Sunny Murray is one of the most important drummers in the development of free jazz. In his work as a member of the groups of Cecil Taylor and then Albert Ayler, he was a pioneer in the abandonment of steady time, the freest of the free, taking the drums out of their subordinate timekeeping role and standing as an equal in the music's textures. He was a crucial component of ESP-Disk’s first jazz release, Ayler's Spiritual Unity, of which critic Ekkehard Jost wrote, "Ayler's negation of fixed pitches finds a counterpart in Peacock's and Murray's negation of the beat. In no group of this time is so little heard of a steady beat."

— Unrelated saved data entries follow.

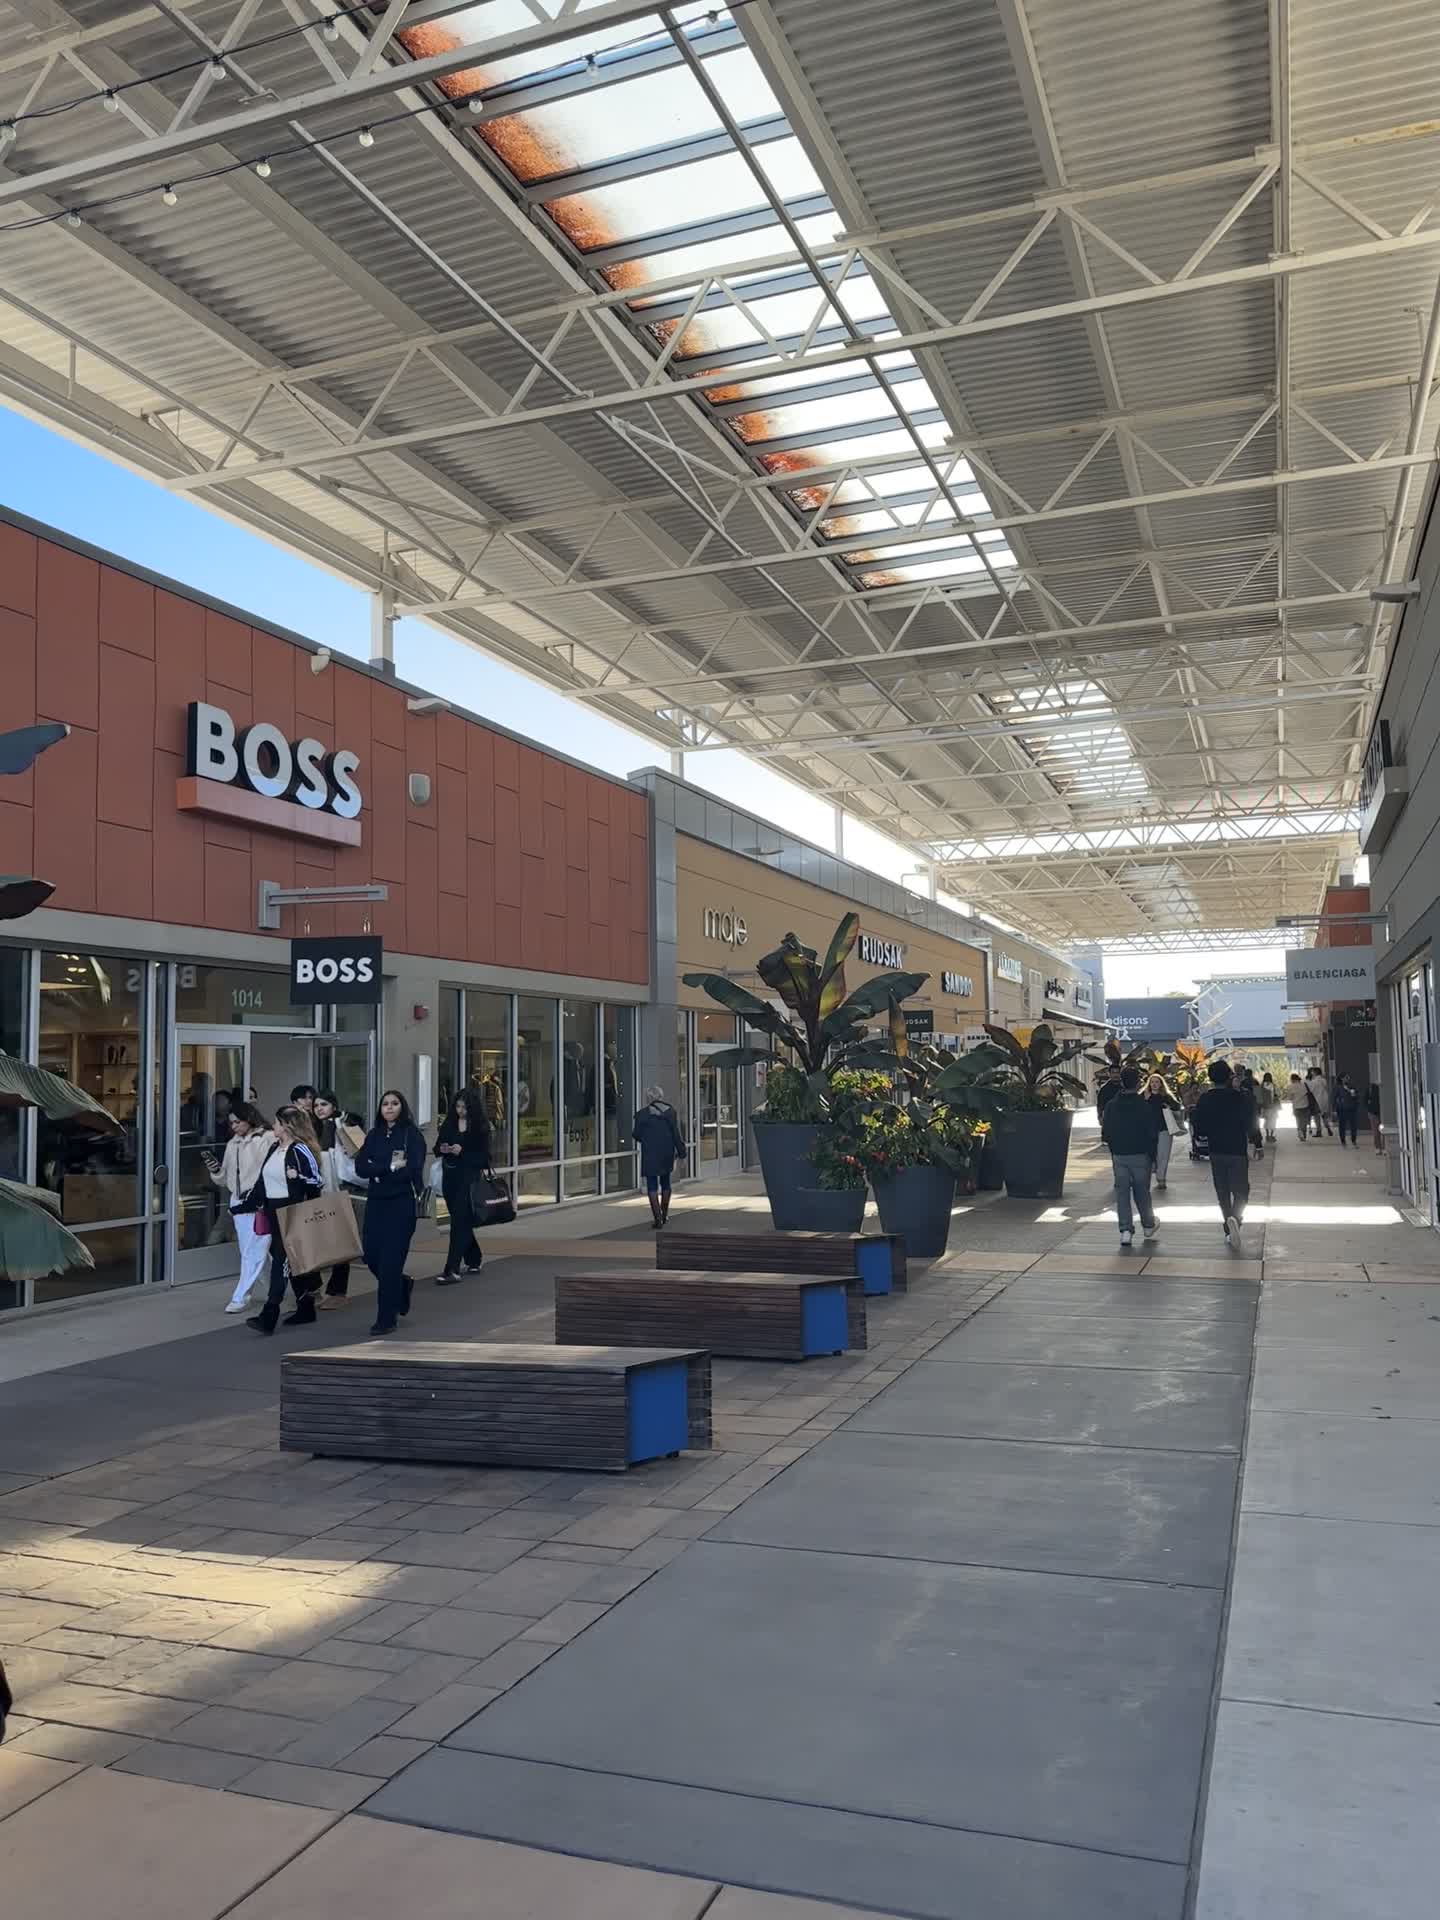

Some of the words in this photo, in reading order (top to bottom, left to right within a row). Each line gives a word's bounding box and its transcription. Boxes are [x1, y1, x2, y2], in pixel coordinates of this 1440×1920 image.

[190, 701, 362, 818] BOSS
[704, 906, 748, 952] maje
[861, 936, 903, 969] RUDSAK
[296, 957, 374, 984] BOSS
[1294, 968, 1367, 980] BALENCIAGA
[231, 989, 263, 1008] 1014

For his ESP leader session on July 23, 1966, he used an excellent group. It was the recorded debut for French trumpeter Jacques Coursil (after making a splash in the ‘60s, he stopped making records until 2005 when John Zorn – who’d taken French lessons from him – coaxed him back into the studio), whose mighty tone, influenced by New Orleans jazz, helps him hold his own with the two saxophonists. Byard Lancaster (like Murray a product of Philadelphia) also made his recording debut on this LP, and his solos are highlights. Though largely sticking to his native city, he’s remained active and productive ever since. The other altoist on the gig, the mysterious Jack Graham, is not documented on any other sessions; he’s subordinate to Lancaster, but the two-alto sound is part of what makes this album distinctive. Bassist Like Murray, bassist Alan Silva had worked under Cecil Taylor (his recording debut had come two months earlier on Cecil’s Unit Structures); later he would work with Ayler and make an album of his own for ESP. He’s been an admired and much used player, aside from a bit of a hiatus in the ‘80s.


Sunny Murray: percussion
Jacques Coursil: trumpet
Jack Graham: alto sax
Byard Lancaster: alto sax
Alan Silva: bass

Track Listing

1. Early History/The New Music
2. Sunny Murray
3. Phase 1,2,3,4
4. Hilariously
5. Angels and Devils
6. Giblet
7. Recap Session
8. Musicians and Magic

All compositions by Sunny Murray except Angels And Devils (Jacques Coursil)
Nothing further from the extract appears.